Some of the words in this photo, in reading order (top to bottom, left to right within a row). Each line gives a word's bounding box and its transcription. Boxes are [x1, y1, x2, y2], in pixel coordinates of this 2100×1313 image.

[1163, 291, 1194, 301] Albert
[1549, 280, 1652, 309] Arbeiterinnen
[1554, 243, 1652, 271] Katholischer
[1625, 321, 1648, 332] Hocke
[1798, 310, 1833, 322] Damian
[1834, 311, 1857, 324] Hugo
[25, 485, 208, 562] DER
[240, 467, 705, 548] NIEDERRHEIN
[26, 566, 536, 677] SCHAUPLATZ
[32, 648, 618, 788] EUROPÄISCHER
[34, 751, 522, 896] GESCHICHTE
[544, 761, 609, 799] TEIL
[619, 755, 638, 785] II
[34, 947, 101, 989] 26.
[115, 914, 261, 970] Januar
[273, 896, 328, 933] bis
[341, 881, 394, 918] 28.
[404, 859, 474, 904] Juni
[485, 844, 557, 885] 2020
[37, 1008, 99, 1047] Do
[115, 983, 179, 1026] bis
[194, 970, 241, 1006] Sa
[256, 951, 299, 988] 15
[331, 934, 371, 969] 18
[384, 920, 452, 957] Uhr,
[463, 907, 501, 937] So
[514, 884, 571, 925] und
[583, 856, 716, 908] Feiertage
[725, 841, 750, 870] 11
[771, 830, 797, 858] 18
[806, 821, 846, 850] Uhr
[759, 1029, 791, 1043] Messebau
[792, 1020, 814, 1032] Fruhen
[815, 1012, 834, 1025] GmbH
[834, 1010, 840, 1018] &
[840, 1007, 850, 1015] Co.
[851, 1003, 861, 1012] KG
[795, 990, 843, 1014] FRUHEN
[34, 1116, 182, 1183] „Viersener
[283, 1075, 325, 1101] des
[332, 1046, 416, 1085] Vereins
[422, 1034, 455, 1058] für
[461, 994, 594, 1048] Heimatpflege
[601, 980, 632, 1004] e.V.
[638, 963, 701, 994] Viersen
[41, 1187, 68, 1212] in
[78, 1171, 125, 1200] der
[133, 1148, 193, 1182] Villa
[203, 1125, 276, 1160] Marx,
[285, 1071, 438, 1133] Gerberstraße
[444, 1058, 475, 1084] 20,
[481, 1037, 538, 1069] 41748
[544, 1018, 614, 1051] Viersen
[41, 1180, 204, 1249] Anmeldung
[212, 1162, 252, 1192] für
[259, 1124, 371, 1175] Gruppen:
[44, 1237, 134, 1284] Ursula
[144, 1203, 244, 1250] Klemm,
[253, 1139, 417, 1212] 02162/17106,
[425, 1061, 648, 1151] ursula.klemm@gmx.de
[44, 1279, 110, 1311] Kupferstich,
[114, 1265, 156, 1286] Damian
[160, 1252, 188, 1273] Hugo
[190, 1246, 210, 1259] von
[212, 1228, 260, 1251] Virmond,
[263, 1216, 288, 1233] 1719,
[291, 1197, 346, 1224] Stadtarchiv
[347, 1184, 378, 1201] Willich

== == ==

What is needed here is an exact reproduction of all the entries.

Some of the words in this photo, in reading order (top to bottom, left to right within a row). Each line gives a word's bounding box and its transcription. Boxes are [x1, y1, x2, y2], in pixel coordinates of this 2100×1313 image.

[1163, 291, 1194, 301] Albert
[1549, 280, 1652, 309] Arbeiterinnen
[1554, 243, 1652, 271] Katholischer
[1625, 321, 1648, 332] Hocke
[1798, 310, 1833, 322] Damian
[1834, 311, 1857, 324] Hugo
[25, 485, 208, 562] DER
[240, 467, 705, 548] NIEDERRHEIN
[26, 566, 536, 677] SCHAUPLATZ
[32, 648, 618, 788] EUROPÄISCHER
[34, 751, 522, 896] GESCHICHTE
[544, 761, 609, 799] TEIL
[619, 755, 638, 785] II
[34, 947, 101, 989] 26.
[115, 914, 261, 970] Januar
[273, 896, 328, 933] bis
[341, 881, 394, 918] 28.
[404, 859, 474, 904] Juni
[485, 844, 557, 885] 2020
[37, 1008, 99, 1047] Do
[115, 983, 179, 1026] bis
[194, 970, 241, 1006] Sa
[256, 951, 299, 988] 15
[331, 934, 371, 969] 18
[384, 920, 452, 957] Uhr,
[463, 907, 501, 937] So
[514, 884, 571, 925] und
[583, 856, 716, 908] Feiertage
[725, 841, 750, 870] 11
[771, 830, 797, 858] 18
[806, 821, 846, 850] Uhr
[759, 1029, 791, 1043] Messebau
[792, 1020, 814, 1032] Fruhen
[815, 1012, 834, 1025] GmbH
[834, 1010, 840, 1018] &
[840, 1007, 850, 1015] Co.
[851, 1003, 861, 1012] KG
[795, 990, 843, 1014] FRUHEN
[34, 1116, 182, 1183] „Viersener
[283, 1075, 325, 1101] des
[332, 1046, 416, 1085] Vereins
[422, 1034, 455, 1058] für
[461, 994, 594, 1048] Heimatpflege
[601, 980, 632, 1004] e.V.
[638, 963, 701, 994] Viersen
[41, 1187, 68, 1212] in
[78, 1171, 125, 1200] der
[133, 1148, 193, 1182] Villa
[203, 1125, 276, 1160] Marx,
[285, 1071, 438, 1133] Gerberstraße
[444, 1058, 475, 1084] 20,
[481, 1037, 538, 1069] 41748
[544, 1018, 614, 1051] Viersen
[41, 1180, 204, 1249] Anmeldung
[212, 1162, 252, 1192] für
[259, 1124, 371, 1175] Gruppen:
[44, 1237, 134, 1284] Ursula
[144, 1203, 244, 1250] Klemm,
[253, 1139, 417, 1212] 02162/17106,
[425, 1061, 648, 1151] ursula.klemm@gmx.de
[44, 1279, 110, 1311] Kupferstich,
[114, 1265, 156, 1286] Damian
[160, 1252, 188, 1273] Hugo
[190, 1246, 210, 1259] von
[212, 1228, 260, 1251] Virmond,
[263, 1216, 288, 1233] 1719,
[291, 1197, 346, 1224] Stadtarchiv
[347, 1184, 378, 1201] Willich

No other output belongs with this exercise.